1) While the zeigeist shuned WGS analysis because of its inherent noise and thus great difficulty, we embraced the WGS challenge from the inception of Genetic Intelligence because it is unavoidable on the way to achieving genomic cipher. This recent Cell paper agrees, writing that:
We are at the start of a new era where WGS will be a predominant technology for genetic analysis. This is a fundamental change compared to previous decades of human genetic studies that have relied on genetic markers that are indirect proxies of other genetic variants in the surrounding region or sequencing data only from the exonic regions of the genome.

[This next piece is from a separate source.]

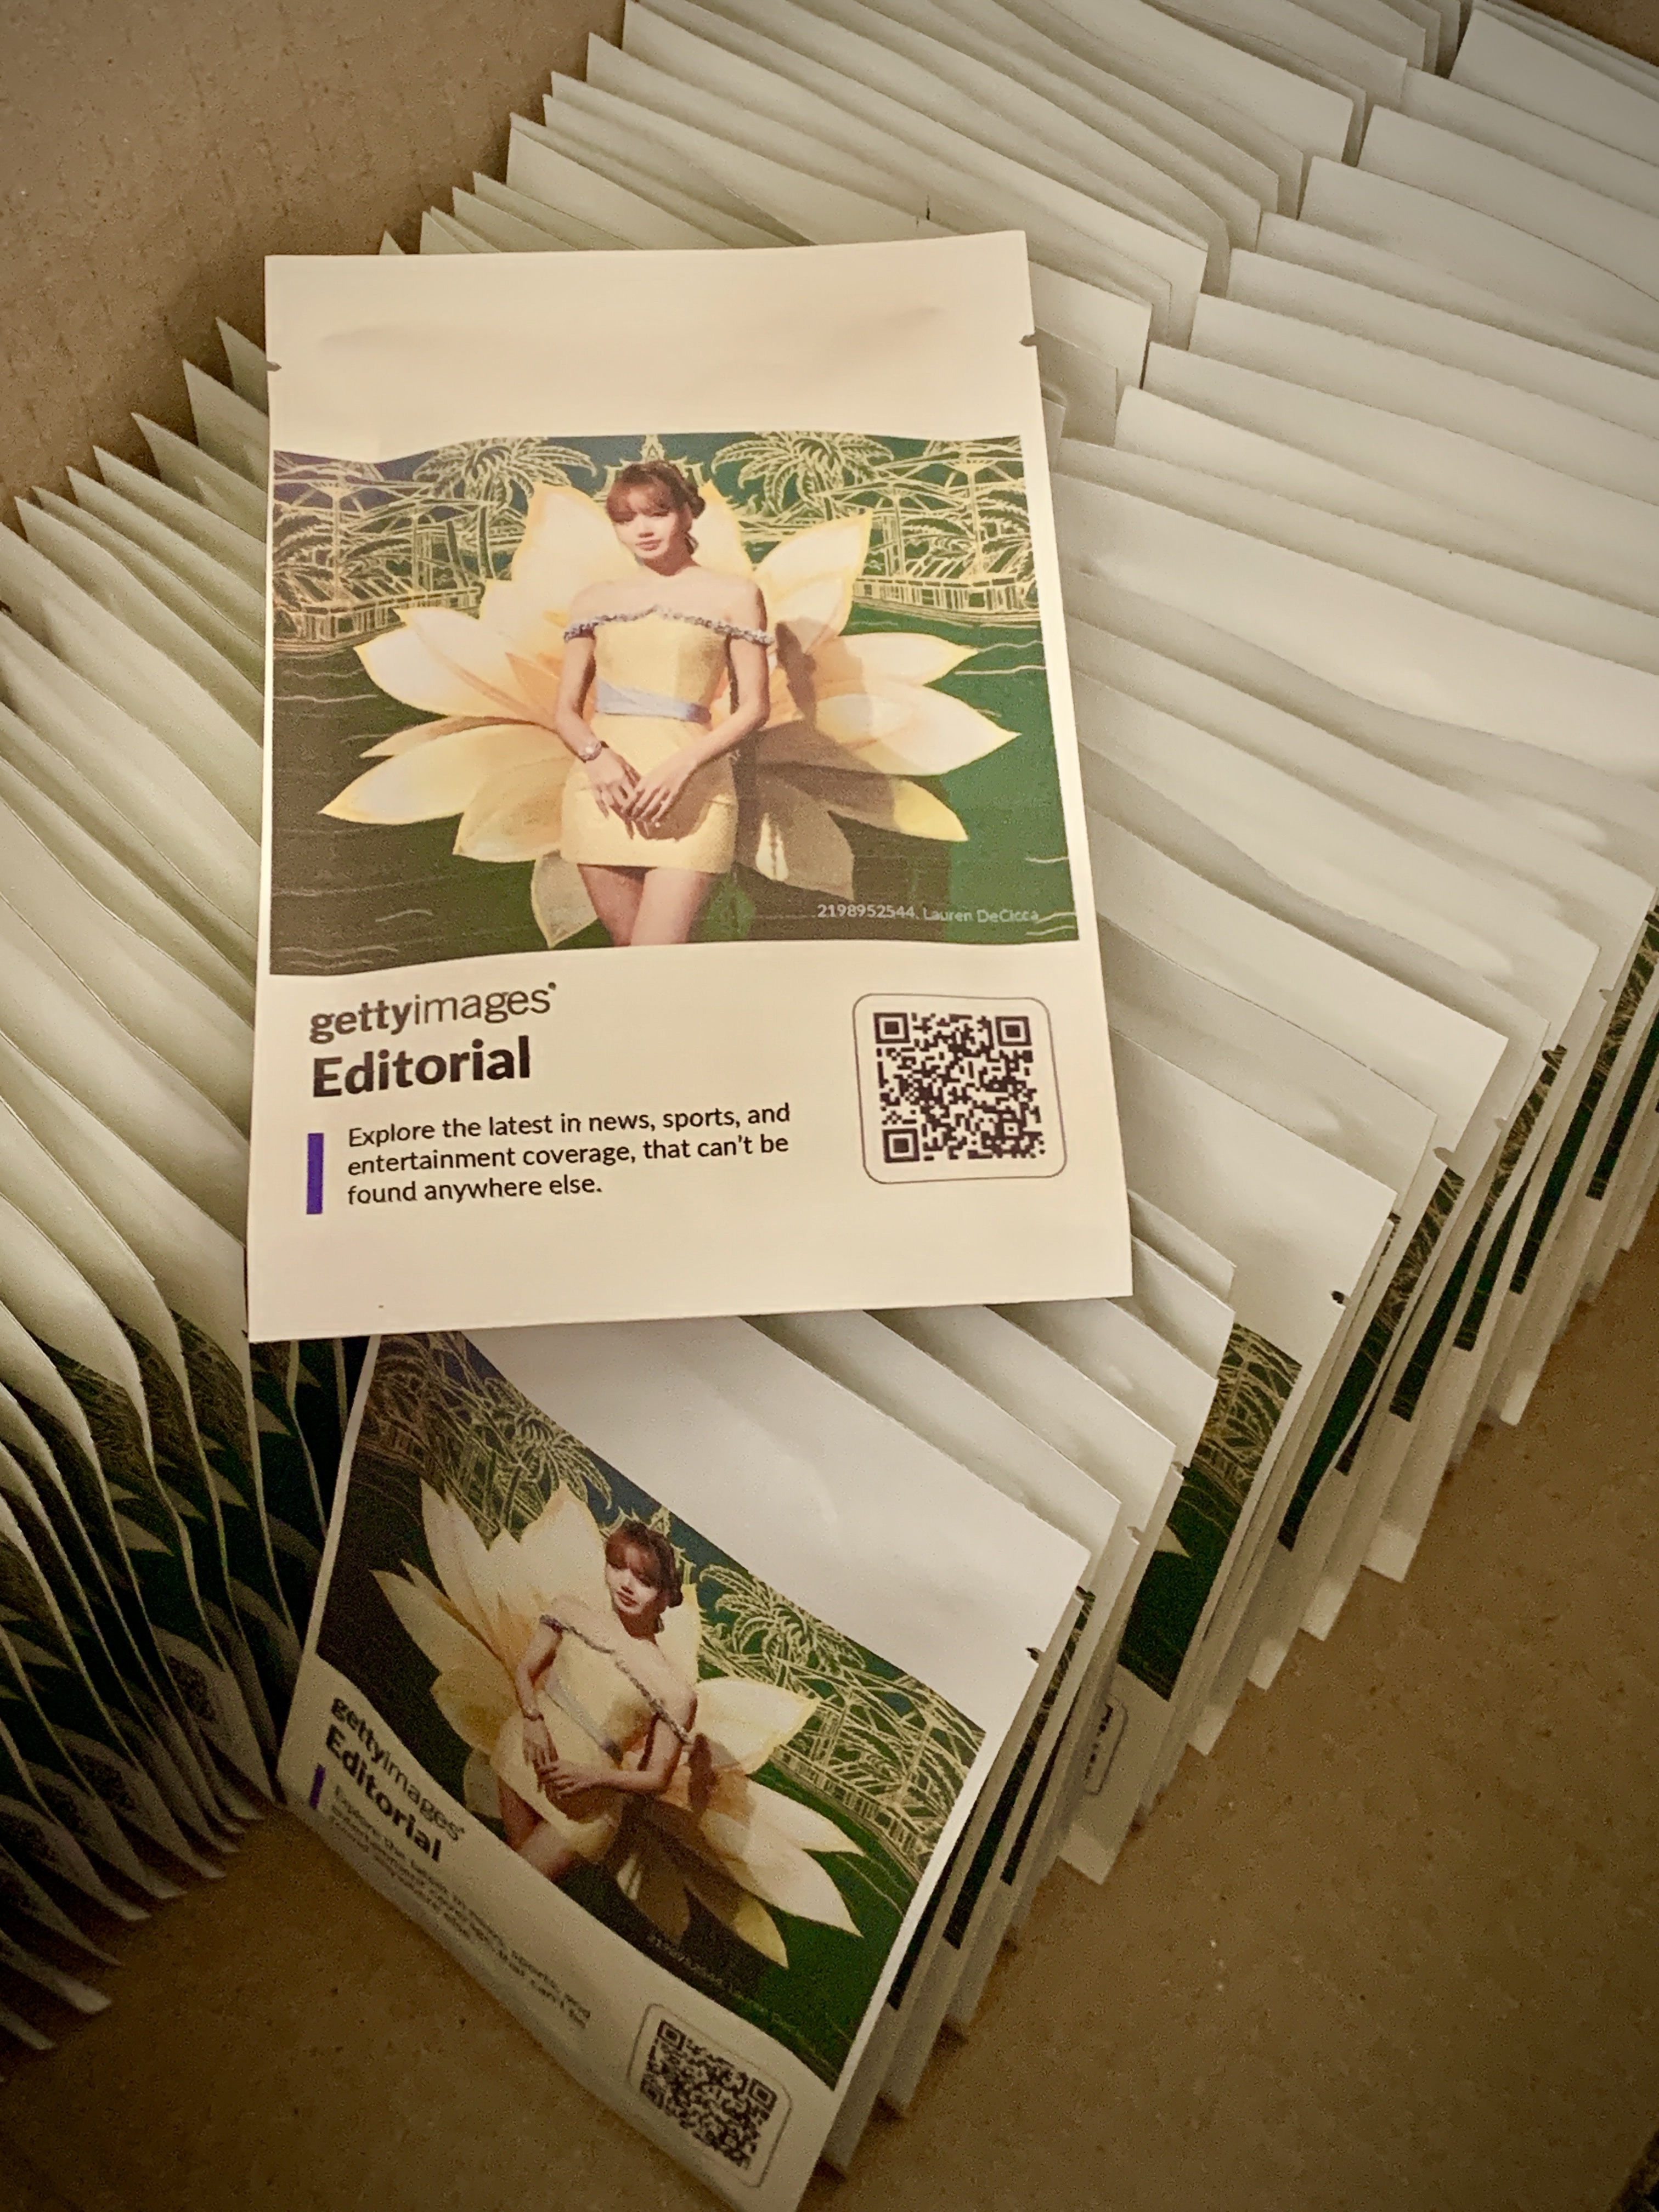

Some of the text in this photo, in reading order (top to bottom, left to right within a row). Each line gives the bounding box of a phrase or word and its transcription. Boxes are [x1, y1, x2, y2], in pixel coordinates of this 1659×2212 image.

2) On our critical point that more and more WES data is not the answer, and that we have to be able to find causal genetic features using a lower number of samples, there was this kernel in another Cell paper of the same series:
The vast majority of GWASs have been conducted in European populations, and with the exception of some unique subpopulations, we are skeptical of the marginal value of ever-larger studies in these same populations for the purpose of gene discovery.
Next comes the question of how to effectively achieve these two features, which are critical if precision medicine is to succeed. And we are here with the solution.